__Assignment__.
Pictures excluded, copy every record that follows exactly as it appears.
** Data in this exercise follows **
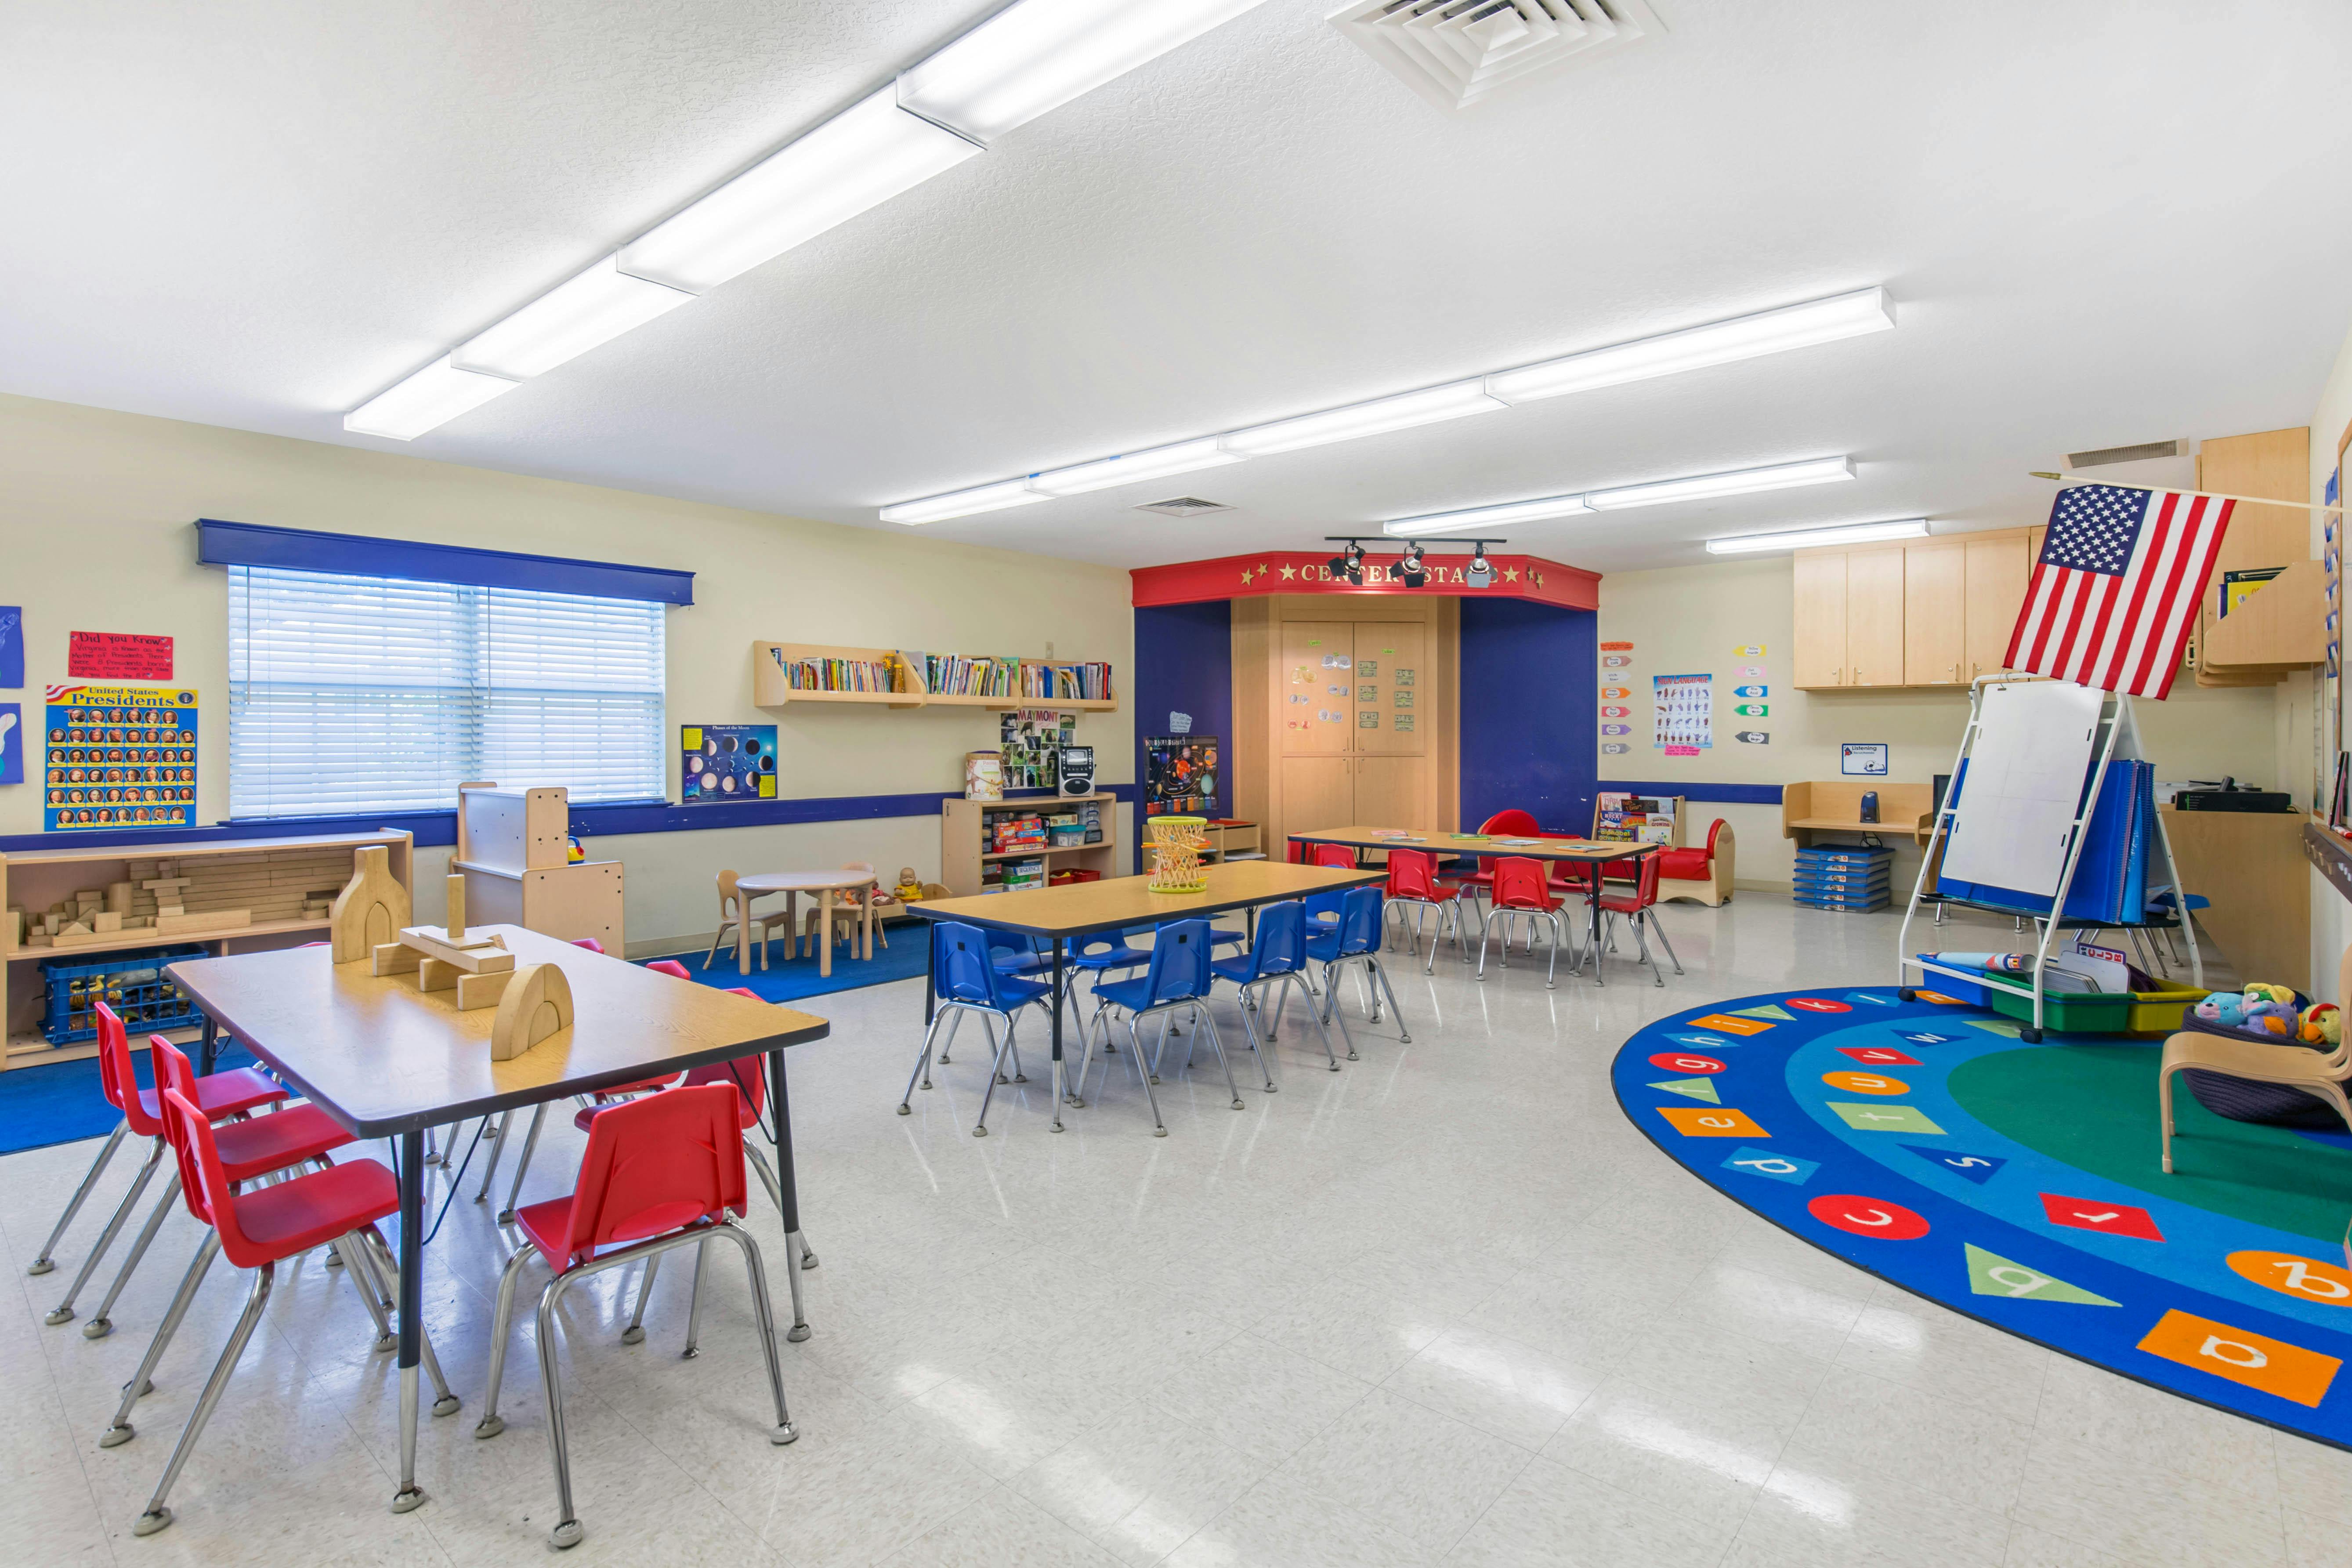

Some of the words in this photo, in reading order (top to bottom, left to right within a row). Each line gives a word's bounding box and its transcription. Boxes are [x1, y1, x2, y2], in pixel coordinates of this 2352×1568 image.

[80, 633, 101, 643] Did
[133, 635, 161, 645] Know
[76, 644, 106, 653] Virginia
[72, 694, 174, 706] Presidents
[1018, 710, 1058, 722] MAYMONT
[2088, 948, 2122, 963] CLUB
[1805, 1000, 1837, 1009] k
[1680, 1032, 1725, 1046] h
[1905, 1033, 1947, 1043] w
[1863, 1051, 1897, 1060] v
[1675, 1058, 1719, 1070] g
[1661, 1083, 1710, 1094] f
[1851, 1077, 1887, 1088] u
[1698, 1116, 1735, 1128] e
[1859, 1112, 1903, 1121] t
[1733, 1159, 1797, 1173] d
[1945, 1157, 1991, 1168] s
[1844, 1209, 1892, 1226] c
[2073, 1212, 2120, 1222] r
[1988, 1266, 2053, 1296] b
[2272, 1261, 2351, 1299] q
[2199, 1335, 2267, 1368] a
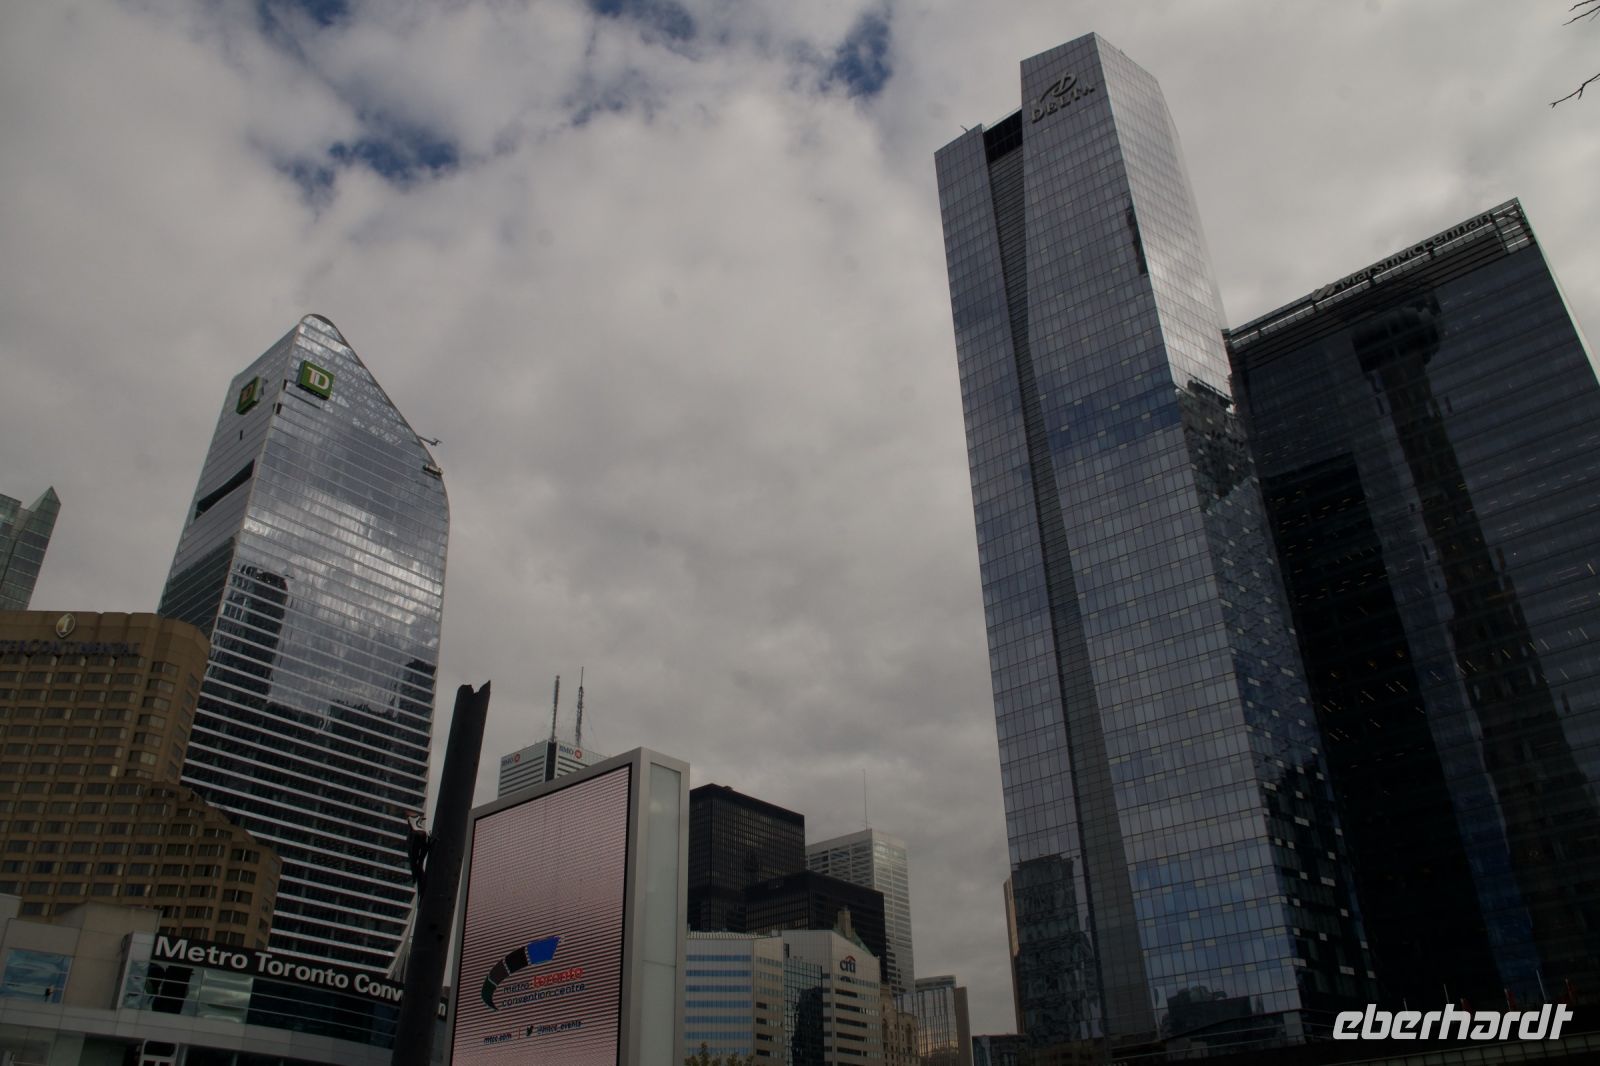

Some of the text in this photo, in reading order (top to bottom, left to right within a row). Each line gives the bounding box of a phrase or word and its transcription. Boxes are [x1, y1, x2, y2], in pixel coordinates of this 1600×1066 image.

[306, 366, 330, 390] TD
[154, 935, 249, 970] Metro
[254, 951, 350, 989] Toronto
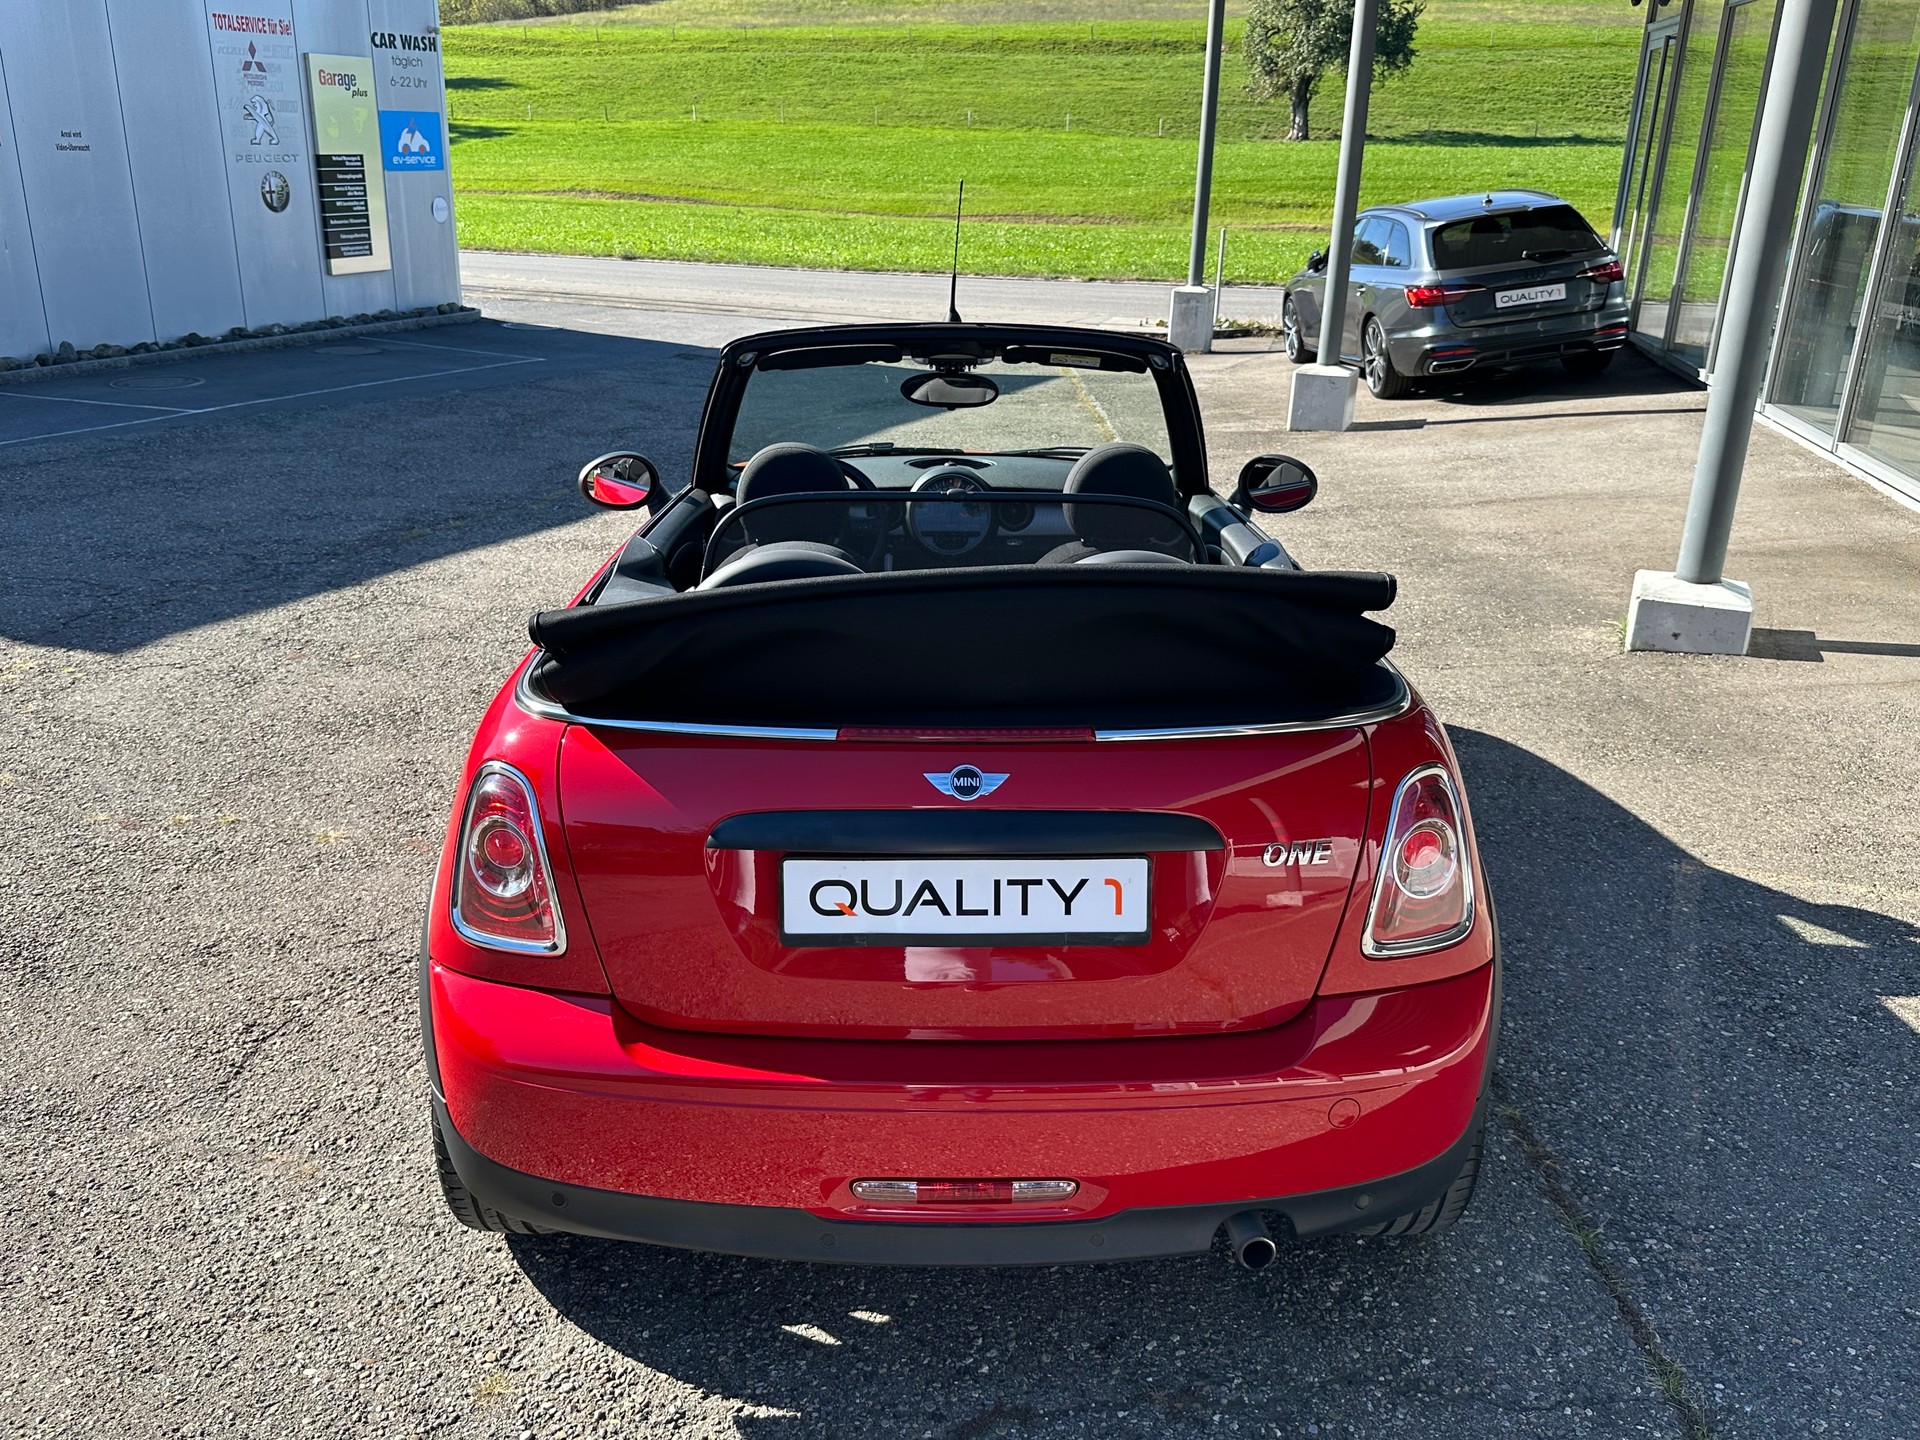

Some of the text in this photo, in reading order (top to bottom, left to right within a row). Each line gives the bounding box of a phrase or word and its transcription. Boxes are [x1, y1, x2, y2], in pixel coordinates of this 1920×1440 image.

[212, 13, 292, 36] TOTALSERVICE für Sie!
[371, 31, 437, 52] CAR WASH
[391, 55, 423, 69] täglich
[318, 68, 357, 91] Garage
[390, 76, 428, 89] 6-22 Uhr
[351, 88, 368, 98] plus
[235, 154, 299, 163] PEUGEOT
[392, 156, 436, 165] ev-service
[1500, 288, 1562, 304] QUALITY 1
[953, 777, 980, 787] MINI
[1262, 840, 1333, 867] ONE
[808, 877, 1124, 917] QUALITY 1
** End of Data in this exercise **
__Solution below__.
Some of the words in this photo, in reading order (top to bottom, left to right within a row). Each line gives a word's bounding box and its transcription. Boxes are [x1, y1, x2, y2], in pixel coordinates of this 2352×1568 image.

[80, 633, 101, 643] Did
[133, 635, 161, 645] Know
[76, 644, 106, 653] Virginia
[72, 694, 174, 706] Presidents
[1018, 710, 1058, 722] MAYMONT
[2088, 948, 2122, 963] CLUB
[1805, 1000, 1837, 1009] k
[1680, 1032, 1725, 1046] h
[1905, 1033, 1947, 1043] w
[1863, 1051, 1897, 1060] v
[1675, 1058, 1719, 1070] g
[1661, 1083, 1710, 1094] f
[1851, 1077, 1887, 1088] u
[1698, 1116, 1735, 1128] e
[1859, 1112, 1903, 1121] t
[1733, 1159, 1797, 1173] d
[1945, 1157, 1991, 1168] s
[1844, 1209, 1892, 1226] c
[2073, 1212, 2120, 1222] r
[1988, 1266, 2053, 1296] b
[2272, 1261, 2351, 1299] q
[2199, 1335, 2267, 1368] a

Some of the text in this photo, in reading order (top to bottom, left to right within a row). Each line gives the bounding box of a phrase or word and its transcription. Boxes are [x1, y1, x2, y2], in pixel coordinates of this 1600×1066 image.

[306, 366, 330, 390] TD
[154, 935, 249, 970] Metro
[254, 951, 350, 989] Toronto

Some of the text in this photo, in reading order (top to bottom, left to right within a row). Each line gives the bounding box of a phrase or word and its transcription. Boxes are [x1, y1, x2, y2], in pixel coordinates of this 1920×1440 image.

[212, 13, 292, 36] TOTALSERVICE für Sie!
[371, 31, 437, 52] CAR WASH
[391, 55, 423, 69] täglich
[318, 68, 357, 91] Garage
[390, 76, 428, 89] 6-22 Uhr
[351, 88, 368, 98] plus
[235, 154, 299, 163] PEUGEOT
[392, 156, 436, 165] ev-service
[1500, 288, 1562, 304] QUALITY 1
[953, 777, 980, 787] MINI
[1262, 840, 1333, 867] ONE
[808, 877, 1124, 917] QUALITY 1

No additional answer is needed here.